Sapa, We Just Can’t Quit You and Happy Birthday Jen and Sabs

sabrina hanson0-R5-039-18

Well guys, as we predicted, we’re still here.  Sapa has swallowed us up and we can’t seem to leave.  Life here is simply lovely and we have settled in to a really nice routine.  We are beginning to wonder if we will see any more of South East Asia this time around.

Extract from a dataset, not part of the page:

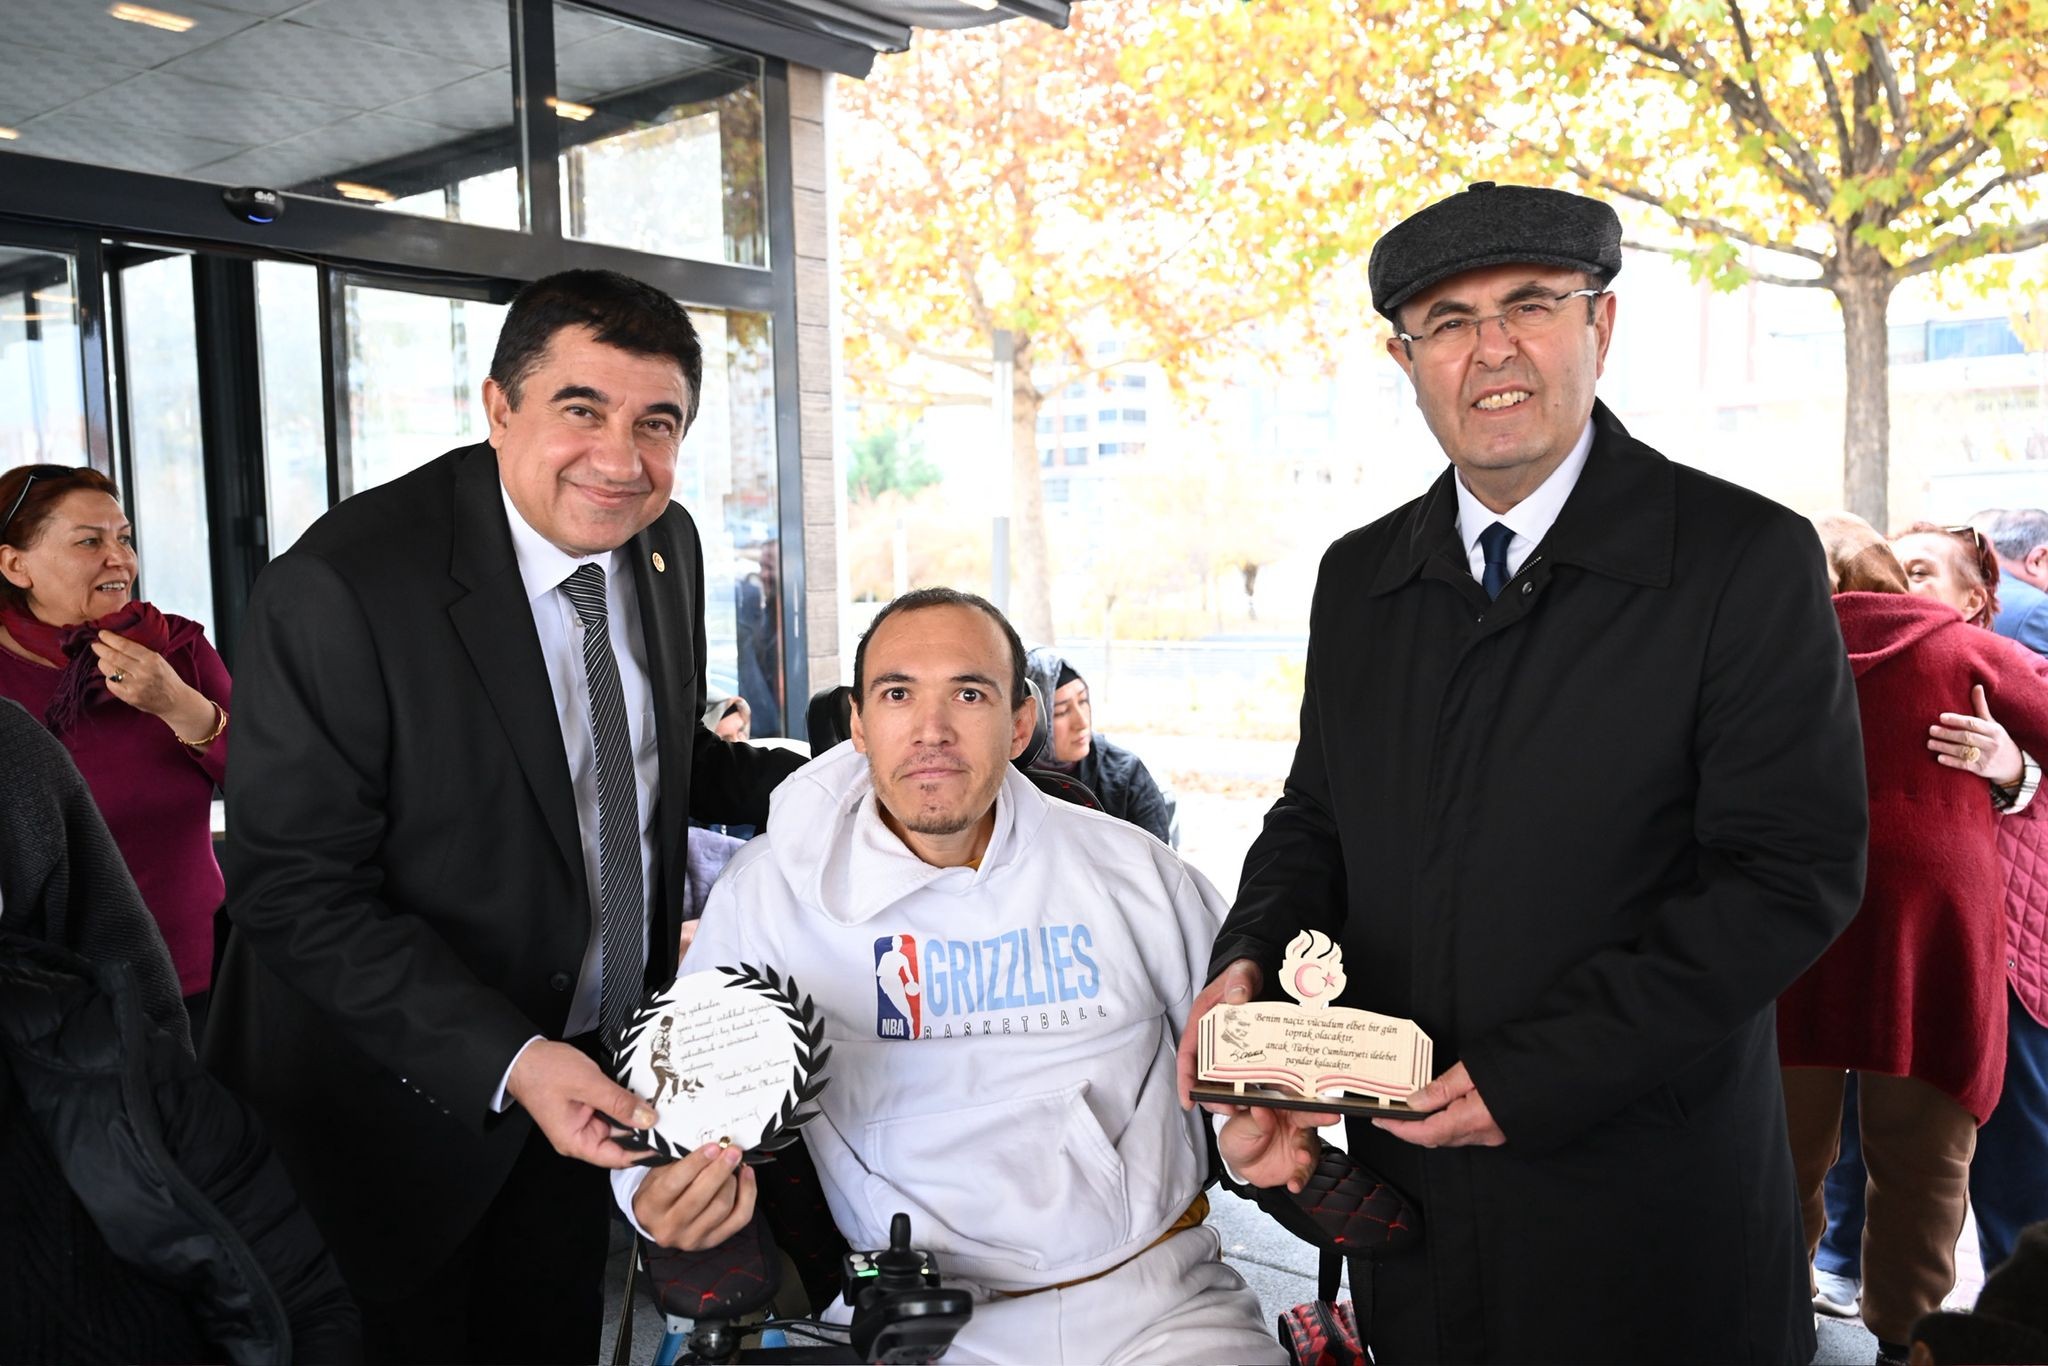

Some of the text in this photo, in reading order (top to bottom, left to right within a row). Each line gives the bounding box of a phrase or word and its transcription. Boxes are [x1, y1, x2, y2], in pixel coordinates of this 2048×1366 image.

We are becoming locals, of sorts.  The hilltribe ladies recognize us on the streets of Sapa now and comment on how we are still here…and on how we have still not bought anything from them.  We started volunteering most  school days at Sapa O’Chau, a non-profit school that teaches English to hilltribe teenagers so they can have a future in the tourist industry (as trekking guides, working in hotels or restaurants, etc.).  The kids are really smart, their English is pretty amazing, and helping out at school is really fun.  It’s not a rigorous program by any means, but they are all well on their way to being conversant in English if not already there.  In the mornings we play a warm up game or two (think hangman or karaoke to UB40 or The Beatles) and then help them work in their workbooks.  In the afternoon sessions, we focus on the theme of the week (last week was “the world”) with small group activities or games.  Most kids have never even been out of the mountains so learning the geography of their country’s neighbors was a big deal.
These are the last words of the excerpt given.